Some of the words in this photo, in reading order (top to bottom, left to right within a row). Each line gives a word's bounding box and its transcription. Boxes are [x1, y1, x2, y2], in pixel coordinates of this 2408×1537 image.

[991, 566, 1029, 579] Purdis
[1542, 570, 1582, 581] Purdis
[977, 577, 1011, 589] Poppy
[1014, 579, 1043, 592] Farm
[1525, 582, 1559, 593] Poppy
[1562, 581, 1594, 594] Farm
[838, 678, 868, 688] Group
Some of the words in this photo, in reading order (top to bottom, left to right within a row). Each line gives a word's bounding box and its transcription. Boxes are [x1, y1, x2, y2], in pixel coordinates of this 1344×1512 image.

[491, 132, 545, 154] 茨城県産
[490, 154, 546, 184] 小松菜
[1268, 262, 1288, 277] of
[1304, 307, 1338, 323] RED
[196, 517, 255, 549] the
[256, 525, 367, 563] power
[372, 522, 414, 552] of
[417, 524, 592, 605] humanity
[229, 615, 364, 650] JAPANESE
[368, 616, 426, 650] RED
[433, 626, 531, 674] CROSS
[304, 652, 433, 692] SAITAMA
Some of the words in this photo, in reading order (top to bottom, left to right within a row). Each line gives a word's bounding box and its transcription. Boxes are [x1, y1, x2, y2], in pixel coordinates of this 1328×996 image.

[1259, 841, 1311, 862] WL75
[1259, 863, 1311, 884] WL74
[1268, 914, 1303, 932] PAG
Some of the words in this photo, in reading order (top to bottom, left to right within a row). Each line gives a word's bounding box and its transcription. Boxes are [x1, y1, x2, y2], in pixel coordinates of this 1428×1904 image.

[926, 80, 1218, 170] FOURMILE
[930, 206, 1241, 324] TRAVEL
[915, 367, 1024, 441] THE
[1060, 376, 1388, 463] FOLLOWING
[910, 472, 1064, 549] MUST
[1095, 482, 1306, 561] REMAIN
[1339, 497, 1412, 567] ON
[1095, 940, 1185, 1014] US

| TO DO |
Reproduce the full block of data exactly, omitting nothing.

| SOLUTION FOR THIS PROBLEM |
Some of the words in this photo, in reading order (top to bottom, left to right within a row). Each line gives a word's bounding box and its transcription. Boxes are [x1, y1, x2, y2], in pixel coordinates of this 2408×1537 image.

[991, 566, 1029, 579] Purdis
[1542, 570, 1582, 581] Purdis
[977, 577, 1011, 589] Poppy
[1014, 579, 1043, 592] Farm
[1525, 582, 1559, 593] Poppy
[1562, 581, 1594, 594] Farm
[838, 678, 868, 688] Group
Some of the words in this photo, in reading order (top to bottom, left to right within a row). Each line gives a word's bounding box and its transcription. Boxes are [x1, y1, x2, y2], in pixel coordinates of this 1344×1512 image.

[491, 132, 545, 154] 茨城県産
[490, 154, 546, 184] 小松菜
[1268, 262, 1288, 277] of
[1304, 307, 1338, 323] RED
[196, 517, 255, 549] the
[256, 525, 367, 563] power
[372, 522, 414, 552] of
[417, 524, 592, 605] humanity
[229, 615, 364, 650] JAPANESE
[368, 616, 426, 650] RED
[433, 626, 531, 674] CROSS
[304, 652, 433, 692] SAITAMA
Some of the words in this photo, in reading order (top to bottom, left to right within a row). Each line gives a word's bounding box and its transcription. Boxes are [x1, y1, x2, y2], in pixel coordinates of this 1328×996 image.

[1259, 841, 1311, 862] WL75
[1259, 863, 1311, 884] WL74
[1268, 914, 1303, 932] PAG
Some of the words in this photo, in reading order (top to bottom, left to right within a row). Each line gives a word's bounding box and its transcription. Boxes are [x1, y1, x2, y2], in pixel coordinates of this 1428×1904 image.

[926, 80, 1218, 170] FOURMILE
[930, 206, 1241, 324] TRAVEL
[915, 367, 1024, 441] THE
[1060, 376, 1388, 463] FOLLOWING
[910, 472, 1064, 549] MUST
[1095, 482, 1306, 561] REMAIN
[1339, 497, 1412, 567] ON
[1095, 940, 1185, 1014] US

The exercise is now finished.